Because the local filesystem is ephemeral storage, if the instance is terminated, the fractal images will be lost along with the instance. Block based storage, which we’ll discuss in Section Five: Block Storage, avoids that problem, but like local filesystems, it requires administration to ensure that it does not fill up, and immediate attention if disks fail.
The Object Storage service manages many of these tasks that normally would require the application owner to manage them, and presents a scalable and durable API that you can use for the fractals app, without having to be concerened with the low level details of how the objects are stored and replicated, and growing the storage pool. In fact, Object Storage handles replication intrinsicly, storing multiple copies of each object and returning one of them on demand using the API.
First, let’s learn how to connect to the Object Storage Endpoint:
from libcloud.storage.types import Provider
from libcloud.storage.providers import get_driver
auth_username = 'your_auth_username'
auth_password = 'your_auth_password'
auth_url = 'http://controller:5000'
project_name = 'your_project_name_or_id'
region_name = 'your_region_name'
provider = get_driver(Provider.OPENSTACK_SWIFT)
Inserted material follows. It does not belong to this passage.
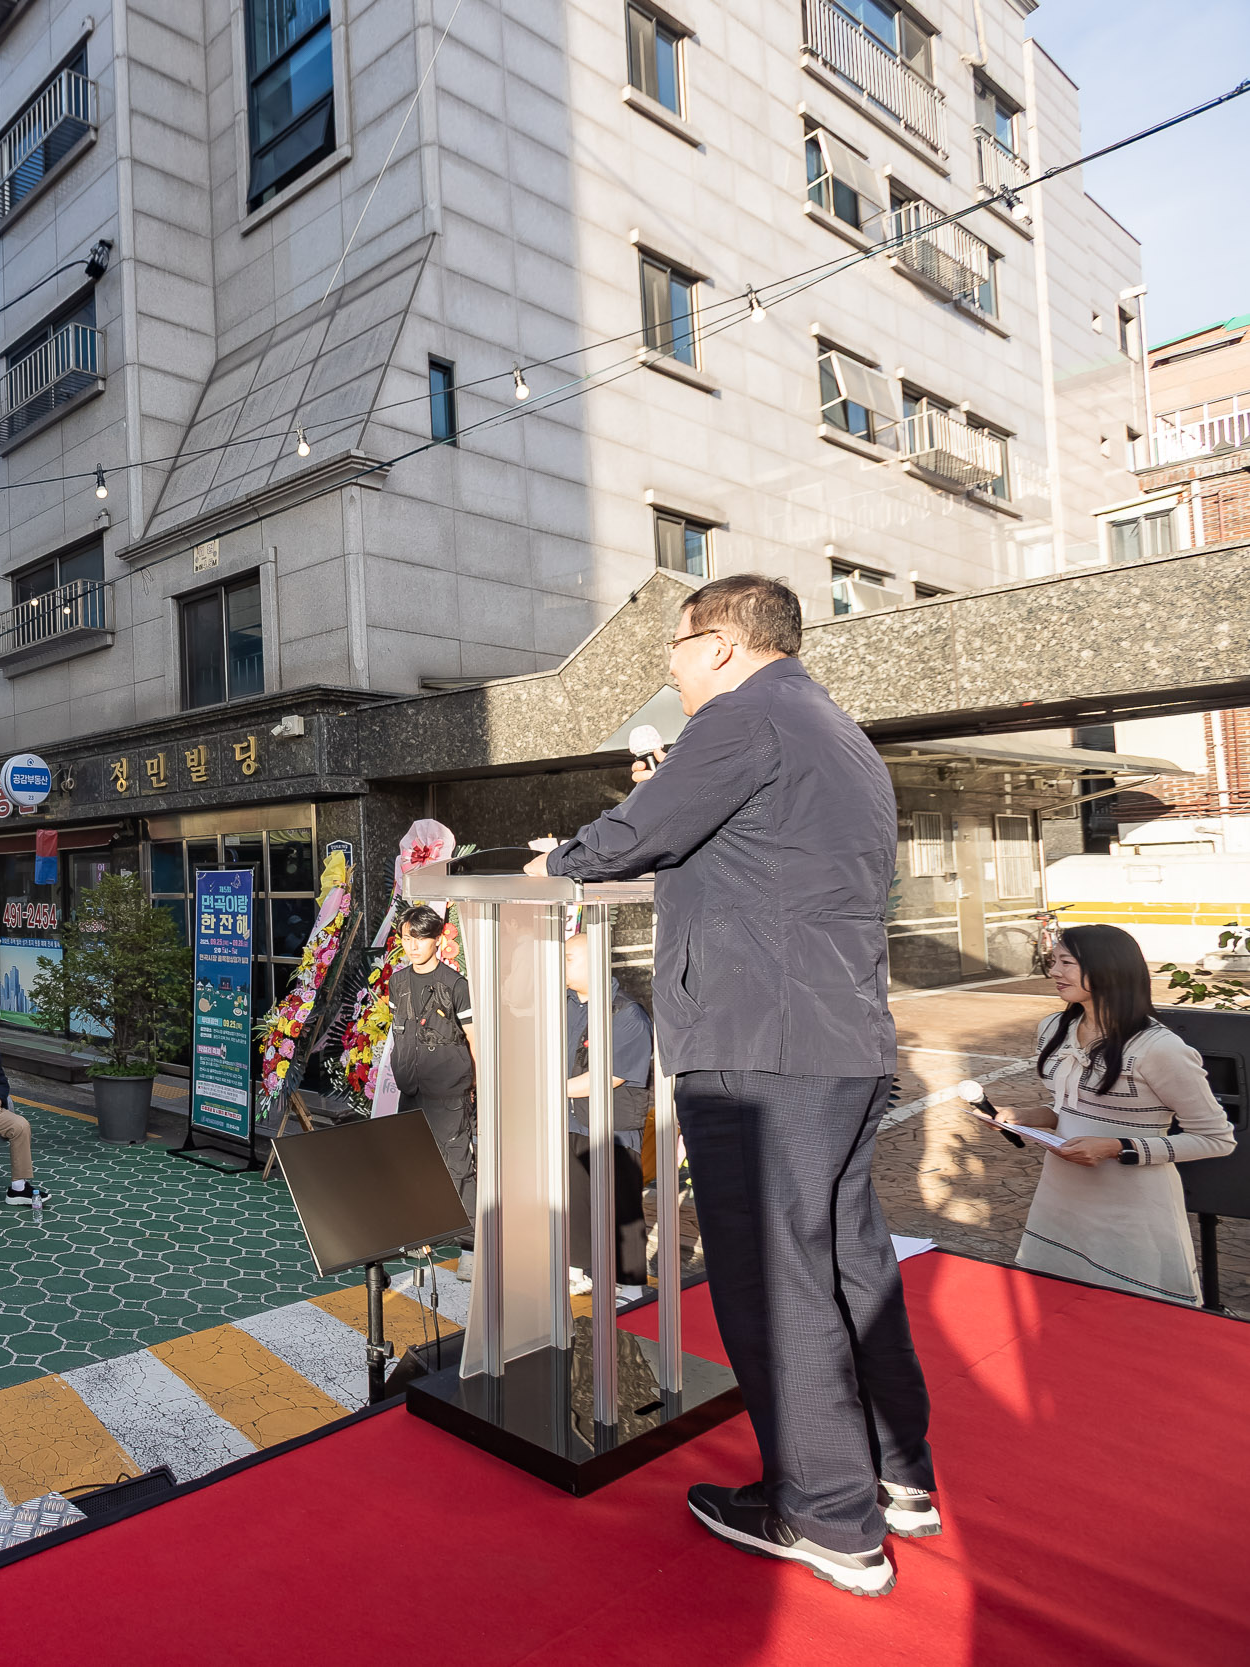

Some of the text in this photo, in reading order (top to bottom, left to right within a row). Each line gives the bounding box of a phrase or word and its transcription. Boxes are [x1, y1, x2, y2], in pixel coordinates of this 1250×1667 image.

swift = provider(auth_username,
auth_password,
ex_force_auth_url=auth_url,
ex_force_auth_version='2.0_password',
ex_tenant_name=project_name,
ex_force_service_region=region_name)
Warning
Libcloud 0.16 and 0.17 are afflicted with a bug that means authentication to a swift endpoint can fail with a Python exception. If you encounter this, you can upgrade your libcloud version, or apply a simple 2-line patch.
Note
Libcloud uses a different connector for Object Storage to all other OpenStack services, so a conn object from previous sections won’t work here and we have to create a new one named swift.
To begin to store objects, we must first make a container. Call yours fractals:
container_name = 'fractals'
container = swift.create_container(container_name=container_name)
print(container)
You should see output such as:
<Container: name=fractals, provider=OpenStack Swift>
You should now be able to see this container appear in a listing of all containers in your account:
print(swift.list_containers())
You should see output such as:
[<Container: name=fractals, provider=OpenStack Swift>]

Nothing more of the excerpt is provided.